Voyez-vous dans l’entreprise a mission et la RSE des réponses appropriées aux enjeux économiques de notre époque ?
Evidemment, il s’agit grâce à un effort commun de sauver notre planète. La prise de conscience est bien là mais il faut maintenant agir de manière coordonnée. L’entreprise à mission et la RSE en entreprise vont devenir incontournables et jouer un rôle déterminant.
L’exemple de Danone pourrait laisser penser que l’entreprise à mission ne serait réellement compatible qu’avec des petites structures. Qu’en pensez-vous ?
Tout commence par la volonté des femmes et des hommes de notre société. Ce n’est pas une question de taille d’entreprise. Nous allons vivre une transition majeure généralisée.
Comment faire comprendre à un investisseur que l’objectif d’une entreprise n’est pas uniquement la quête du profit ?
Même les jeunes dans les grandes écoles spécialisées en Finance ne veulent plus d’un modèle unique tourné vers le profit à tout prix.

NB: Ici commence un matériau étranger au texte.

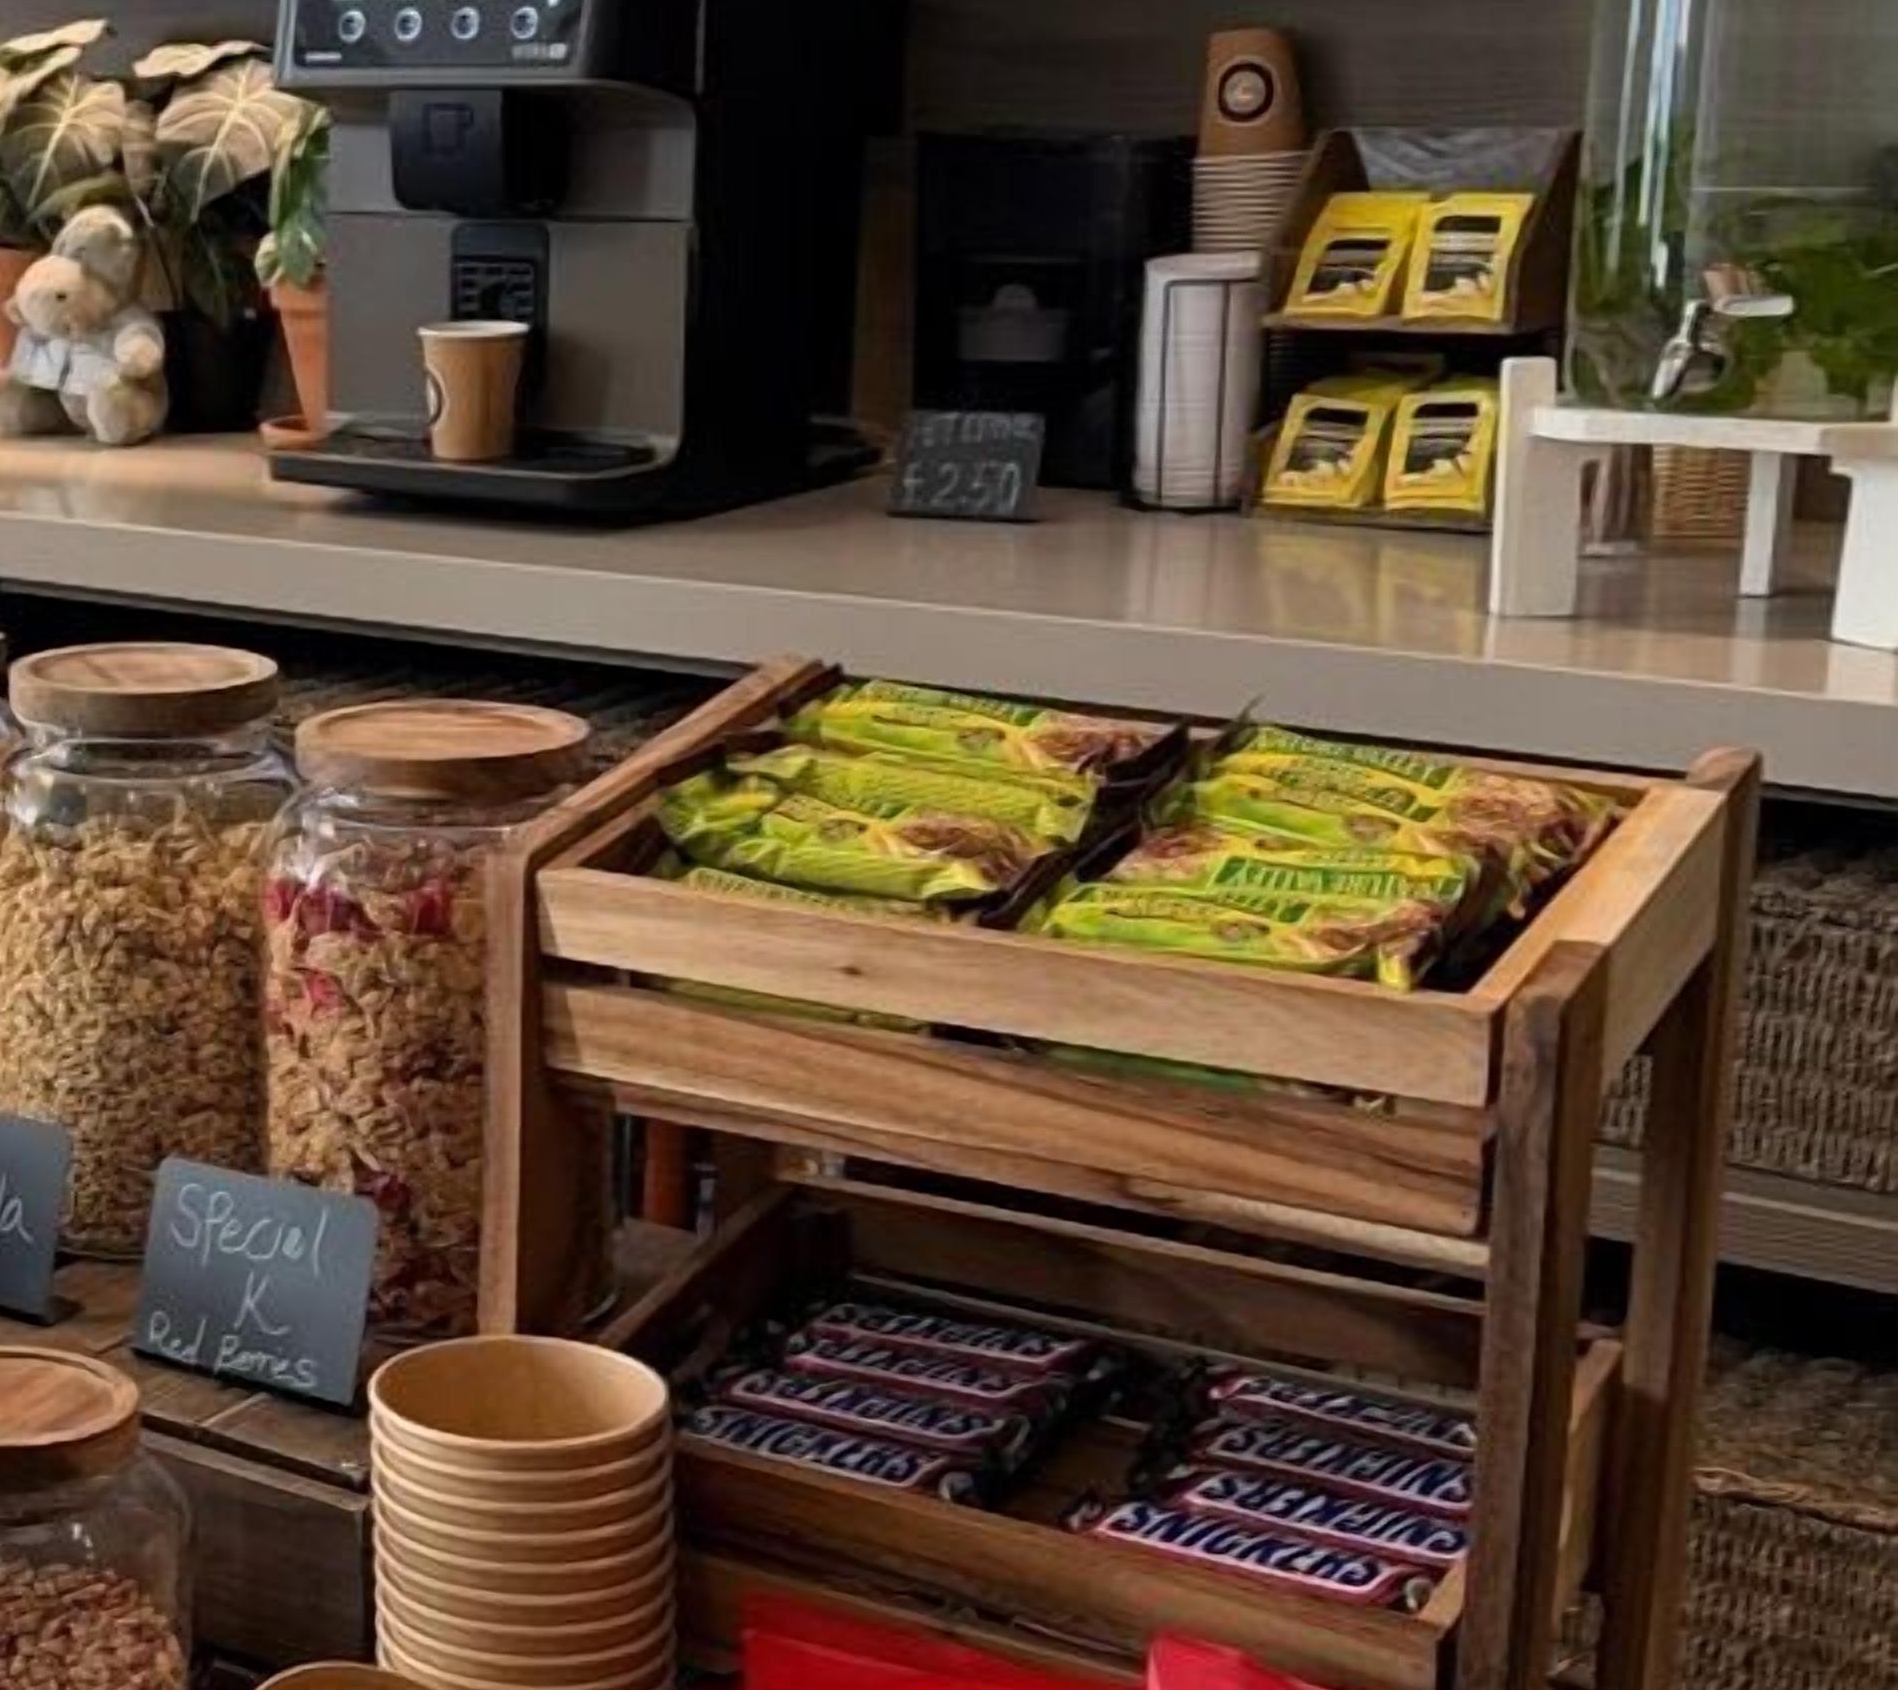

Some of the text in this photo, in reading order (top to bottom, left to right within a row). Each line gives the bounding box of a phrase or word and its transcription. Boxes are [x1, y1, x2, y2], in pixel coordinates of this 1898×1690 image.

[170, 1183, 329, 1276] Special
[233, 1271, 291, 1335] K
[149, 1311, 206, 1362] Red

Cette année, l’Oréal a nommé sa directrice de la finance durable.
Euronext a lancé le 22 mars 2021 la déclinaison responsable du CAC40. Un nouvel indice ESG regroupe 40 sociétés qui ont démontré les meilleures pratiques d’un point de vue environnemental, sociétal et de gouvernance.
Ce sera lent mais c’est incontournable.
Vous écrivez, dans votre livre Leader Sociétal : « Quand j’ai créé et développé mon groupe, j’ai voulu le marquer d’une forte empreinte sociétale. Mon moteur n’a pas été la course au profit ». Quels sont les coûts et bénéfices d’une telle démarche ?
Les coûts sont en effet importants. Vous mettez, par exemple, tous vos collaborateurs dans les meilleures dispositions et nous parlons bien d’une PME. Cela va de la politique salariale, aux formations, aux outils les plus modernes pour bien faire son travail en passant par un cadre de travail des plus favorables pour le bien-être.
Le bénéfice est le développement sur la durée d’une équipe avec des valeurs fortes et culture d’entreprise à toutes épreuves.
Que la loi Pacte a-t-elle changé dans votre gestion du groupe Sigma Technologies ?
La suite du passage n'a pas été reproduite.